Robert Klatt
Ein in der Nähe von Darmstadt gefundenes 47,5 Millionen Jahre altes Fossil belegt, dass Pythons auf dem nördlichen Kontinent Laurasia entstanden.
Messel (Deutschland). Anakondas, Pythons und Boas leben heute fast ausschließlich in den Tropen und anderen warmen Regionen. Ausgrabungen belegen aber, dass vor 15 bis 20 Millionen Jahren auch im heutigen Deutschland Riesenschlangen vorkamen. Die Biologie stellt sich daher schon lange die Frage, aus welcher Region der Erde Riesenschlangen tatsächlich stammen.
Bisher ging die Wissenschaft auf Basis von Genvergleichen davon aus, dass sich die Vorfahren der Pythons und Boas vor etwa 40 Millionen Jahren trennten und sich dann separat weiterentwickelten. Wo diese Trennung geschehen sein soll und wo sich die beiden Linien danach weiterentwickelten ist aber unklar. Für diese Theorie sprach auch, dass Boas überwiegend in der Neuen Welt vorkommen und Pythons hauptsächlich in Australien, Afrika und Asien leben.
Eine Entdeckung von Wissenschaftlern des Senckenberg Forschungsinstitut und Naturmuseum Frankfurt weckt nun Zweifel an dieser Theorie.
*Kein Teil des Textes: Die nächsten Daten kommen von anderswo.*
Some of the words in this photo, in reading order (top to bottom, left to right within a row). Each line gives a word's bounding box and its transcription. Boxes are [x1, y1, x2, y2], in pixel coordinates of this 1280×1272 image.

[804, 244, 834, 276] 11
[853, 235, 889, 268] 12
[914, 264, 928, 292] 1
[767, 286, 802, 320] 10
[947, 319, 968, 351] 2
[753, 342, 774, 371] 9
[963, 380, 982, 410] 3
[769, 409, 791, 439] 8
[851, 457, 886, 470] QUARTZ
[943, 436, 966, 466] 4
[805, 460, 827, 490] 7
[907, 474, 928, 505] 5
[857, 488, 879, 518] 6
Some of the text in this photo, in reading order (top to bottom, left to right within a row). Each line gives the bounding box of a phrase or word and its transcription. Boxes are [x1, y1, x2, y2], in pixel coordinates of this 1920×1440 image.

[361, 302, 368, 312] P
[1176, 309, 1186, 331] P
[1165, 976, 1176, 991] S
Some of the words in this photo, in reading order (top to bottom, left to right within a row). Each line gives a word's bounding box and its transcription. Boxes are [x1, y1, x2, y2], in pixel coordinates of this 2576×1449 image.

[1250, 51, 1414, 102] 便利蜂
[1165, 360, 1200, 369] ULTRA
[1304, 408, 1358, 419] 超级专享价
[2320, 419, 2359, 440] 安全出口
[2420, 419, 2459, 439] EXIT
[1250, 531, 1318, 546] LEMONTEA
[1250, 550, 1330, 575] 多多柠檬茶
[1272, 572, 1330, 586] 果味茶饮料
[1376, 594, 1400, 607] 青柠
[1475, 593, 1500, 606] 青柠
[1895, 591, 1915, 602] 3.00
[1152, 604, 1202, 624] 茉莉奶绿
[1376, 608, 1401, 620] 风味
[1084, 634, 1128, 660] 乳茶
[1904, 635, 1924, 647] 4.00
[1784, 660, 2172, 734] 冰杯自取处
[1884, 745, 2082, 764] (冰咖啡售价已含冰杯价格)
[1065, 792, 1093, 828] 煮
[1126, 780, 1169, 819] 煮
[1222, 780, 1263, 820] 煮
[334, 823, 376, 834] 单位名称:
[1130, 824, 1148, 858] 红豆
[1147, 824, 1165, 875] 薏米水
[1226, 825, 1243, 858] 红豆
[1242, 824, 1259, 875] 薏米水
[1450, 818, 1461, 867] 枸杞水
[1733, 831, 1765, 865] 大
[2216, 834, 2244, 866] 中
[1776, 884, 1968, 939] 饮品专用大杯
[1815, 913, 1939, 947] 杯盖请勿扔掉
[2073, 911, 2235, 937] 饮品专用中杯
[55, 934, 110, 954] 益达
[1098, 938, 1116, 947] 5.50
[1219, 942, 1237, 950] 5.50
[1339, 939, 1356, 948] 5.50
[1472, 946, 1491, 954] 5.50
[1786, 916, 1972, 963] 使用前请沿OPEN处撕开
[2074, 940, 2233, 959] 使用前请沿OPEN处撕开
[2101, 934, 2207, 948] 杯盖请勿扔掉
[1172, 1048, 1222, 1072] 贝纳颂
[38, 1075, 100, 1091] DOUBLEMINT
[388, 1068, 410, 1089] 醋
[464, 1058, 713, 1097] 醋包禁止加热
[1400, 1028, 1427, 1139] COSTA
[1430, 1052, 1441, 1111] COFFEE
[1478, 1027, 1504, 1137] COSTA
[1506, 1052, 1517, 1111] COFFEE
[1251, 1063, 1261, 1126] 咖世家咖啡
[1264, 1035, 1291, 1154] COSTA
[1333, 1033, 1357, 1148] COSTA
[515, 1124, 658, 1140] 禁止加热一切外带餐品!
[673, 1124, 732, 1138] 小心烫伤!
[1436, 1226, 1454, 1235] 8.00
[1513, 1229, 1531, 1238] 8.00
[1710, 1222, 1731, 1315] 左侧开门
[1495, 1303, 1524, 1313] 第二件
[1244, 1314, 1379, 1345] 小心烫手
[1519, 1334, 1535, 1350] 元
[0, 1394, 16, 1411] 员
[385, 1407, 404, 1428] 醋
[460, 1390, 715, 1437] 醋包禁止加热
Das Team um Krister Smith hat laut einer Publikation im Fachmagazin Biology Letters bereits Anfang 2020 ein Fossil einer 47 Millionen Jahre alten Boa in der Grube Messel (Nähe Darmstadt) gefunden.
Es handelt sich dabei um den ältesten Fund einer Riesenschlange weltweit. Getauft wurde die Spezies auf den Namen Messelopython freyi. Die Wissenschaftler konstatieren daher, dass „die Entdeckung belegt, dass die Pythonschlangen schon im Paläogen in Europa präsent waren.“
Wäre die bisher von vielen Paläontologen für richtig gehaltene Theorie, dass Pythons ihren Ursprung auf dem Südkontinent Gondwana hatten korrekt, dürfte ein solches Fossil aber nur im heutigen Amerika zu finden sein. Es scheint daher zu stimmen, dass Pythons auf dem nördlichen Kontinent Laurasia entstanden, also der Landmasse, aus der später der Kontinent Europa entstand.
Krister Smith: „Das hat einen bedeutenden Einfluss auf unsere Sicht der evolutionären Geografie dieser Tiergruppe. Denn ohne diesen Fund wäre die Stammeslinie der Pythonschlangen fest in Gondwana verankert. Messelopython freyi jedoch verlegt die Wurzeln der Pythons nach Laurasia und widerlegt die Gondwana-Theorie.“
Außerdem widerlegt der Schlangenfund die räumlich getrennte Entwicklung von Boas und Pythons. Laut Smith „lebten in Messel sowohl Messelopython freyi, als auch ursprüngliche Boas, wie Eoconstrictor fischeri, in einem Ökosystem.“ Diese Entdeckung ist wie Smith erklärt „angesichts der heutigen Verbreitung dieser Schlangen vollkommen unerwartet.“
Unklar bleibt weiterhin, wieso sich bei vor 47 Millionen Jahren zusammenlebenden Linien später radikal trennten. Laut Smith „muss die These überdacht werden, dass die beiden Schlangenfamilien konkurrieren und sich daher keinen Lebensraum teilen können.“ Auch eine aufgrund der Plattentektonik erzwungene räumliche Trennung erscheint aufgrund des einstigen engen Zusammenlebens sehr unwahrscheinlich.